• Source data

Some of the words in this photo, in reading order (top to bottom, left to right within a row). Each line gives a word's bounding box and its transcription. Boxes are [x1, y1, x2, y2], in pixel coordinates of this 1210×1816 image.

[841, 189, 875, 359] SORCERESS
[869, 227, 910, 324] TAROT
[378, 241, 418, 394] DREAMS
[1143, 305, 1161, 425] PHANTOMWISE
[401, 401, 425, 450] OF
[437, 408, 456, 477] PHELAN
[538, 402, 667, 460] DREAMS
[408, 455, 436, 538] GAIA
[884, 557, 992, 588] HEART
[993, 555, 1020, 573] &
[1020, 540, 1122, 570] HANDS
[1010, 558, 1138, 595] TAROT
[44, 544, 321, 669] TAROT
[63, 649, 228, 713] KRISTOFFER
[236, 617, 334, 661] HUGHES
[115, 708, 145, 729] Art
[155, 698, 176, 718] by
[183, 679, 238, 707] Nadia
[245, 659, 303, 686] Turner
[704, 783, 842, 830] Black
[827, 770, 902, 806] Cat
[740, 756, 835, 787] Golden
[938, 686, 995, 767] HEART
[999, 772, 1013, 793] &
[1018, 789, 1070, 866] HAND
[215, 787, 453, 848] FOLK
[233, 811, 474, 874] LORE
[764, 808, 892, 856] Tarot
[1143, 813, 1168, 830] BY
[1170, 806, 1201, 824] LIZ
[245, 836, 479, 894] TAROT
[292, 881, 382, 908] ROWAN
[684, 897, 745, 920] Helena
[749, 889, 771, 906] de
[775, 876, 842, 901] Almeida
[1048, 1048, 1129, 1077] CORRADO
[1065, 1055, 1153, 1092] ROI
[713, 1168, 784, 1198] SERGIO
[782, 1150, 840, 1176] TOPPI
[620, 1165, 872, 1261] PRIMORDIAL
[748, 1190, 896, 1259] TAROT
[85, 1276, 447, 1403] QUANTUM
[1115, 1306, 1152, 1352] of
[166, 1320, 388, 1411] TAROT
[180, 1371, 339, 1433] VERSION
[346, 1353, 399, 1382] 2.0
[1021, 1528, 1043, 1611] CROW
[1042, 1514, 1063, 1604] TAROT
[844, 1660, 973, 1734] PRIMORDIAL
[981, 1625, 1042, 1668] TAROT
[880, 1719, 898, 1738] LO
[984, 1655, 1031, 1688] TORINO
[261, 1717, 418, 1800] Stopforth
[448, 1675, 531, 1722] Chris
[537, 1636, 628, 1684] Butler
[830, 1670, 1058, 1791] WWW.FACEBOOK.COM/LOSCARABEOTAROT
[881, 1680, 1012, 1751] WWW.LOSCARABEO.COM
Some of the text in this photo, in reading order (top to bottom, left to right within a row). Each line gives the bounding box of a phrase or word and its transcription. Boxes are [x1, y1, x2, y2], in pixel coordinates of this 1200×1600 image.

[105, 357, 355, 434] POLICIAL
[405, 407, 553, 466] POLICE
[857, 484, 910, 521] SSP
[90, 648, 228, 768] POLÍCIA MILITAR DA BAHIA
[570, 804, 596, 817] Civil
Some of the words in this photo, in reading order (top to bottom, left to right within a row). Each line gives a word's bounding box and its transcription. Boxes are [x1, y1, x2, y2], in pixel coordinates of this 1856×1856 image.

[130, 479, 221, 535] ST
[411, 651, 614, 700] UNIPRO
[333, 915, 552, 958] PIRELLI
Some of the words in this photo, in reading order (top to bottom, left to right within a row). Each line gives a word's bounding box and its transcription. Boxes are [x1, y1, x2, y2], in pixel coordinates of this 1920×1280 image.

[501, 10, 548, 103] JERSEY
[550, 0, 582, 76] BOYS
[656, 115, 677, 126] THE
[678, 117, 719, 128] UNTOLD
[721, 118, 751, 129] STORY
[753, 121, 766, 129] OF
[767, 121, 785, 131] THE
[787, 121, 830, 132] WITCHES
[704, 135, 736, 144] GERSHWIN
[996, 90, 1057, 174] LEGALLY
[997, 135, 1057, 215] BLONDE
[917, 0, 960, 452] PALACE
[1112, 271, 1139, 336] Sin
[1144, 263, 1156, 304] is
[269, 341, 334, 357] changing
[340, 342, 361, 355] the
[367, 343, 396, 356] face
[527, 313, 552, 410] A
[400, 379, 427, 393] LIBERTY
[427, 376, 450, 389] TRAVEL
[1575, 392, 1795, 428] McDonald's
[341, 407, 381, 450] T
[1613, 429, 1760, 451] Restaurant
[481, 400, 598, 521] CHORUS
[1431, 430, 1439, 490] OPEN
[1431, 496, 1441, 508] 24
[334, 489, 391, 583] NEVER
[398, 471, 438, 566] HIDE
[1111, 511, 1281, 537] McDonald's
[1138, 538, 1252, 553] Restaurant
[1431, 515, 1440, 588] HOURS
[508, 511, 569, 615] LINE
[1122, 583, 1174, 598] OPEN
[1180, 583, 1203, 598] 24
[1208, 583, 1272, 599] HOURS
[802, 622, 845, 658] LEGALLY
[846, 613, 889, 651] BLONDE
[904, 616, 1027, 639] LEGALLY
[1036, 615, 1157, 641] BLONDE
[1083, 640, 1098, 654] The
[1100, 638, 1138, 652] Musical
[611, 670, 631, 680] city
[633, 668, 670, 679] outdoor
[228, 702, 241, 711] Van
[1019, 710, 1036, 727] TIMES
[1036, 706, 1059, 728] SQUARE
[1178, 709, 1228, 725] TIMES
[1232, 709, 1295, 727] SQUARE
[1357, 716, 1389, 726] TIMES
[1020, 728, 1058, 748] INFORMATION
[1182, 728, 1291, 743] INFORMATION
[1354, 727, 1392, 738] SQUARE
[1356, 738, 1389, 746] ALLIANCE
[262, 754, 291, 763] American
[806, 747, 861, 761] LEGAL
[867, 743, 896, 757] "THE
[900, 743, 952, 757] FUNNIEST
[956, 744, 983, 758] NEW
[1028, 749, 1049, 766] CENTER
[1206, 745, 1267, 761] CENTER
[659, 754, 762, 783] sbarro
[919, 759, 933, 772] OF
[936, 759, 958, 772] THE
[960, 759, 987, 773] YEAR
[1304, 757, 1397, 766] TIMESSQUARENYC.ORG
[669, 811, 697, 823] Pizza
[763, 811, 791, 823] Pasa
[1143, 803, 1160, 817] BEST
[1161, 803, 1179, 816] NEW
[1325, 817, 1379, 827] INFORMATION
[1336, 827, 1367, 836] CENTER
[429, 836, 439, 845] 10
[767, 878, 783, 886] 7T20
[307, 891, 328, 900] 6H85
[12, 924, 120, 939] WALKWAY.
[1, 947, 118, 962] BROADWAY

• Exercise aim
Each record above must be given again exactly as written.

• Completed exercise
Some of the words in this photo, in reading order (top to bottom, left to right within a row). Each line gives a word's bounding box and its transcription. Boxes are [x1, y1, x2, y2], in pixel coordinates of this 1210×1816 image.

[841, 189, 875, 359] SORCERESS
[869, 227, 910, 324] TAROT
[378, 241, 418, 394] DREAMS
[1143, 305, 1161, 425] PHANTOMWISE
[401, 401, 425, 450] OF
[437, 408, 456, 477] PHELAN
[538, 402, 667, 460] DREAMS
[408, 455, 436, 538] GAIA
[884, 557, 992, 588] HEART
[993, 555, 1020, 573] &
[1020, 540, 1122, 570] HANDS
[1010, 558, 1138, 595] TAROT
[44, 544, 321, 669] TAROT
[63, 649, 228, 713] KRISTOFFER
[236, 617, 334, 661] HUGHES
[115, 708, 145, 729] Art
[155, 698, 176, 718] by
[183, 679, 238, 707] Nadia
[245, 659, 303, 686] Turner
[704, 783, 842, 830] Black
[827, 770, 902, 806] Cat
[740, 756, 835, 787] Golden
[938, 686, 995, 767] HEART
[999, 772, 1013, 793] &
[1018, 789, 1070, 866] HAND
[215, 787, 453, 848] FOLK
[233, 811, 474, 874] LORE
[764, 808, 892, 856] Tarot
[1143, 813, 1168, 830] BY
[1170, 806, 1201, 824] LIZ
[245, 836, 479, 894] TAROT
[292, 881, 382, 908] ROWAN
[684, 897, 745, 920] Helena
[749, 889, 771, 906] de
[775, 876, 842, 901] Almeida
[1048, 1048, 1129, 1077] CORRADO
[1065, 1055, 1153, 1092] ROI
[713, 1168, 784, 1198] SERGIO
[782, 1150, 840, 1176] TOPPI
[620, 1165, 872, 1261] PRIMORDIAL
[748, 1190, 896, 1259] TAROT
[85, 1276, 447, 1403] QUANTUM
[1115, 1306, 1152, 1352] of
[166, 1320, 388, 1411] TAROT
[180, 1371, 339, 1433] VERSION
[346, 1353, 399, 1382] 2.0
[1021, 1528, 1043, 1611] CROW
[1042, 1514, 1063, 1604] TAROT
[844, 1660, 973, 1734] PRIMORDIAL
[981, 1625, 1042, 1668] TAROT
[880, 1719, 898, 1738] LO
[984, 1655, 1031, 1688] TORINO
[261, 1717, 418, 1800] Stopforth
[448, 1675, 531, 1722] Chris
[537, 1636, 628, 1684] Butler
[830, 1670, 1058, 1791] WWW.FACEBOOK.COM/LOSCARABEOTAROT
[881, 1680, 1012, 1751] WWW.LOSCARABEO.COM
Some of the text in this photo, in reading order (top to bottom, left to right within a row). Each line gives the bounding box of a phrase or word and its transcription. Boxes are [x1, y1, x2, y2], in pixel coordinates of this 1200×1600 image.

[105, 357, 355, 434] POLICIAL
[405, 407, 553, 466] POLICE
[857, 484, 910, 521] SSP
[90, 648, 228, 768] POLÍCIA MILITAR DA BAHIA
[570, 804, 596, 817] Civil
Some of the words in this photo, in reading order (top to bottom, left to right within a row). Each line gives a word's bounding box and its transcription. Boxes are [x1, y1, x2, y2], in pixel coordinates of this 1856×1856 image.

[130, 479, 221, 535] ST
[411, 651, 614, 700] UNIPRO
[333, 915, 552, 958] PIRELLI
Some of the words in this photo, in reading order (top to bottom, left to right within a row). Each line gives a word's bounding box and its transcription. Boxes are [x1, y1, x2, y2], in pixel coordinates of this 1920×1280 image.

[501, 10, 548, 103] JERSEY
[550, 0, 582, 76] BOYS
[656, 115, 677, 126] THE
[678, 117, 719, 128] UNTOLD
[721, 118, 751, 129] STORY
[753, 121, 766, 129] OF
[767, 121, 785, 131] THE
[787, 121, 830, 132] WITCHES
[704, 135, 736, 144] GERSHWIN
[996, 90, 1057, 174] LEGALLY
[997, 135, 1057, 215] BLONDE
[917, 0, 960, 452] PALACE
[1112, 271, 1139, 336] Sin
[1144, 263, 1156, 304] is
[269, 341, 334, 357] changing
[340, 342, 361, 355] the
[367, 343, 396, 356] face
[527, 313, 552, 410] A
[400, 379, 427, 393] LIBERTY
[427, 376, 450, 389] TRAVEL
[1575, 392, 1795, 428] McDonald's
[341, 407, 381, 450] T
[1613, 429, 1760, 451] Restaurant
[481, 400, 598, 521] CHORUS
[1431, 430, 1439, 490] OPEN
[1431, 496, 1441, 508] 24
[334, 489, 391, 583] NEVER
[398, 471, 438, 566] HIDE
[1111, 511, 1281, 537] McDonald's
[1138, 538, 1252, 553] Restaurant
[1431, 515, 1440, 588] HOURS
[508, 511, 569, 615] LINE
[1122, 583, 1174, 598] OPEN
[1180, 583, 1203, 598] 24
[1208, 583, 1272, 599] HOURS
[802, 622, 845, 658] LEGALLY
[846, 613, 889, 651] BLONDE
[904, 616, 1027, 639] LEGALLY
[1036, 615, 1157, 641] BLONDE
[1083, 640, 1098, 654] The
[1100, 638, 1138, 652] Musical
[611, 670, 631, 680] city
[633, 668, 670, 679] outdoor
[228, 702, 241, 711] Van
[1019, 710, 1036, 727] TIMES
[1036, 706, 1059, 728] SQUARE
[1178, 709, 1228, 725] TIMES
[1232, 709, 1295, 727] SQUARE
[1357, 716, 1389, 726] TIMES
[1020, 728, 1058, 748] INFORMATION
[1182, 728, 1291, 743] INFORMATION
[1354, 727, 1392, 738] SQUARE
[1356, 738, 1389, 746] ALLIANCE
[262, 754, 291, 763] American
[806, 747, 861, 761] LEGAL
[867, 743, 896, 757] "THE
[900, 743, 952, 757] FUNNIEST
[956, 744, 983, 758] NEW
[1028, 749, 1049, 766] CENTER
[1206, 745, 1267, 761] CENTER
[659, 754, 762, 783] sbarro
[919, 759, 933, 772] OF
[936, 759, 958, 772] THE
[960, 759, 987, 773] YEAR
[1304, 757, 1397, 766] TIMESSQUARENYC.ORG
[669, 811, 697, 823] Pizza
[763, 811, 791, 823] Pasa
[1143, 803, 1160, 817] BEST
[1161, 803, 1179, 816] NEW
[1325, 817, 1379, 827] INFORMATION
[1336, 827, 1367, 836] CENTER
[429, 836, 439, 845] 10
[767, 878, 783, 886] 7T20
[307, 891, 328, 900] 6H85
[12, 924, 120, 939] WALKWAY.
[1, 947, 118, 962] BROADWAY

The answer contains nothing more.